The dilemma session considers these questions before the backdrop of broader issues such as the move toward a more financially driven and outcome driven tertiary environment, the closure of literacy support centres on some campuses, the move toward teaching language skills across the curriculum, the implications of introducing local full fee paying students and the so called 'decline' of English in school and in higher education.
But what of the local student with literacy skills that are likely to make it difficult for that student to succeed at written academic tasks? What systems do or should exist for these students so as to make their path at university easier, to improve their success rate and to promote equity and inclusivity in the higher education environment?
Given a learning disability has been diagnosed and acknowledged by the student, there are specific practices teachers can apply, such as oral examinations and prepared lecture notes. But what about those students for whom there is no specific problem diagnosed? How can we as lecturers, respond equitably and adequately to students with severely weak academic literacy skills?

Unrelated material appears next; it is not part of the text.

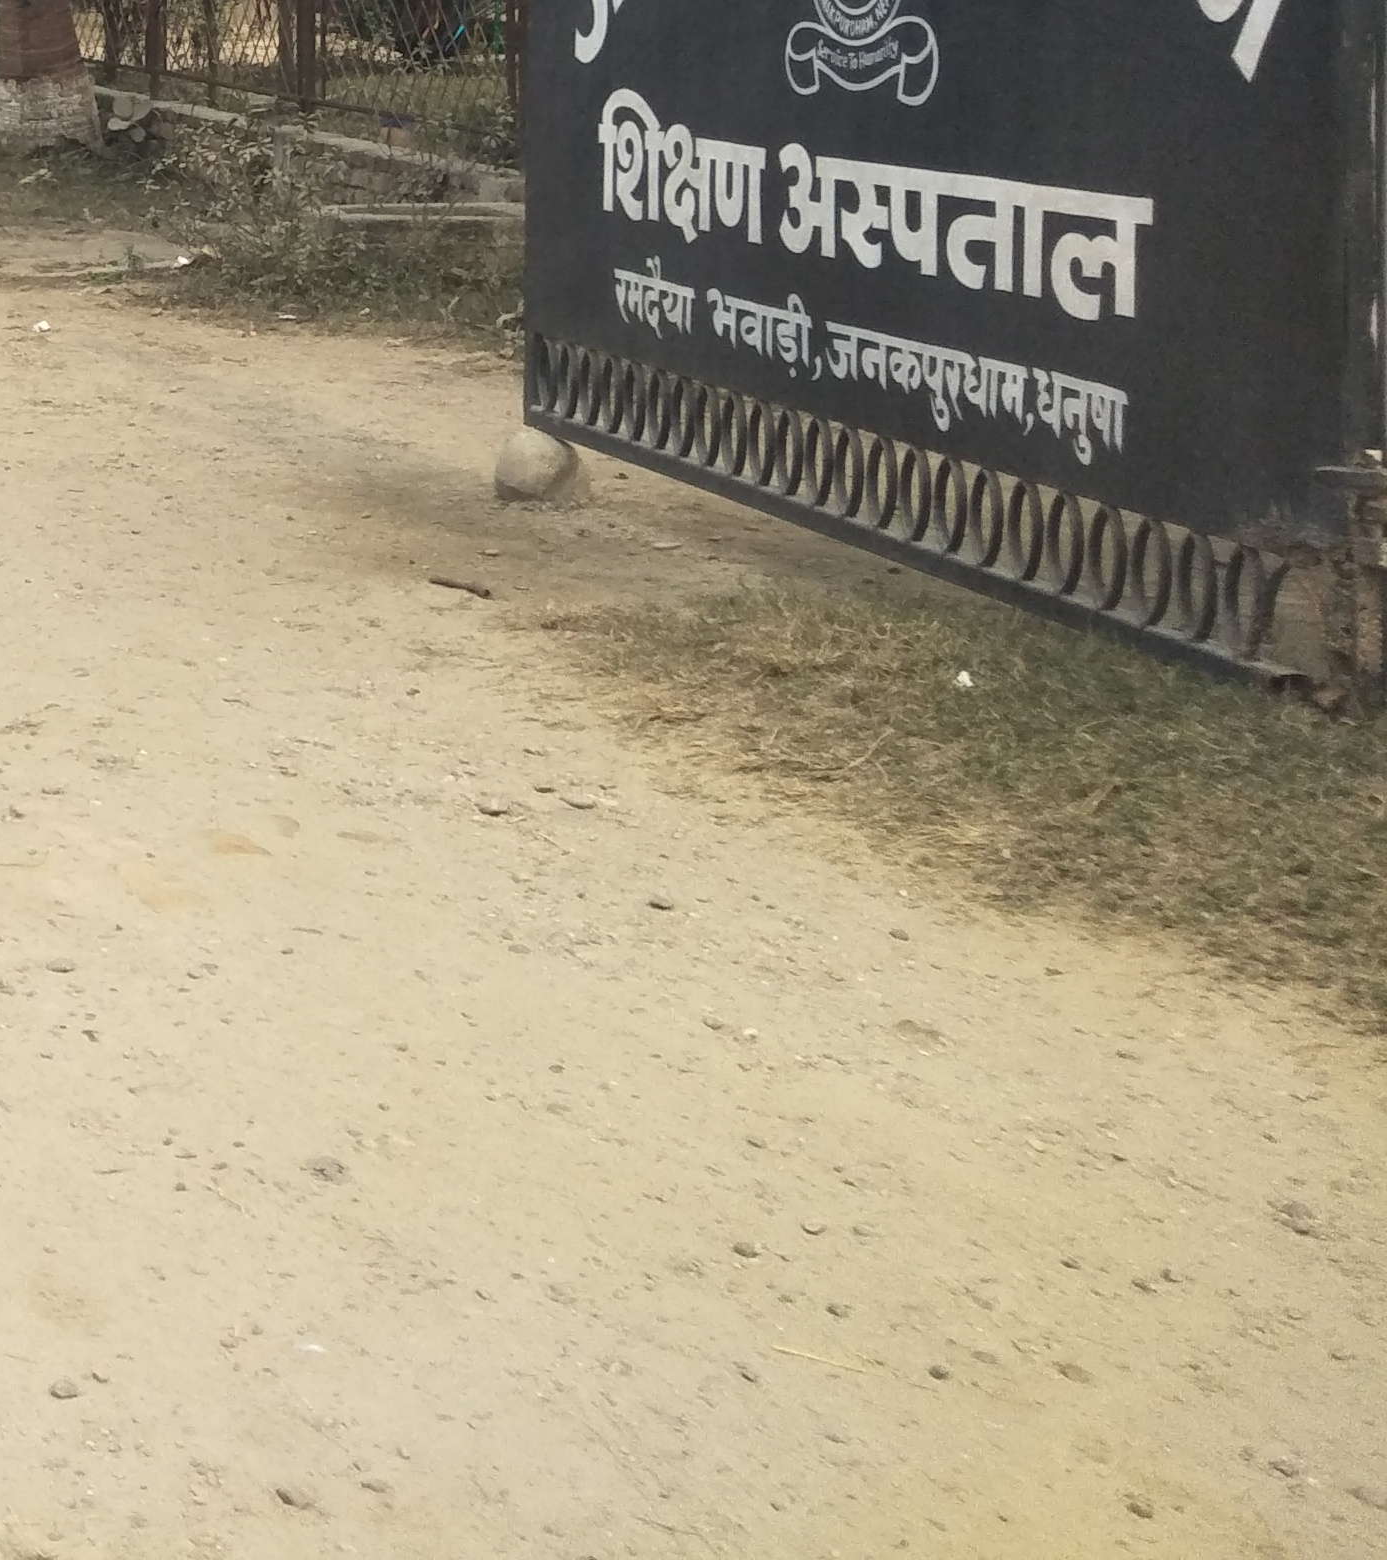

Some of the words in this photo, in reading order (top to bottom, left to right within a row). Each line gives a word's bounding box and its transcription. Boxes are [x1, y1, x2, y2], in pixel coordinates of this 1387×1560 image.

Tertiary teachers in the communication skills fields are sometimes expected, unreasonably, to work miracles on students who have had problems with literacy all their lives. As Paul Brock emphasises, literacy does not develop in a vacuum, nor does it develop in "lock-step, easily identified, hierarchal stages" (Brock 1998: 16) Realistically, in the short term and in large classes, only limited positive changes to a student's literacy levels can be made.
At Curtin University, a native English speaking student without a satisfactory pass in TEE English is quite often recommended to complete a special literacy support unit called Communication Skills 111. This unit prepares the student to better succeed in other units, particularly further communication skills units that may be significant units for the student's degree program. The student may also, where a learning disability has been diagnosed, be assisted by the disabilities officer at counselling services and, where appropriate, entitled to special exam conditions. It is significant that severe literacy weaknesses as a result of recognised learning disabilities such as dyslexia or behavioural/learning problems such as ADD, have become increasingly common amongst tertiary students in today's tertiary system (Stickels & Neil, 1998).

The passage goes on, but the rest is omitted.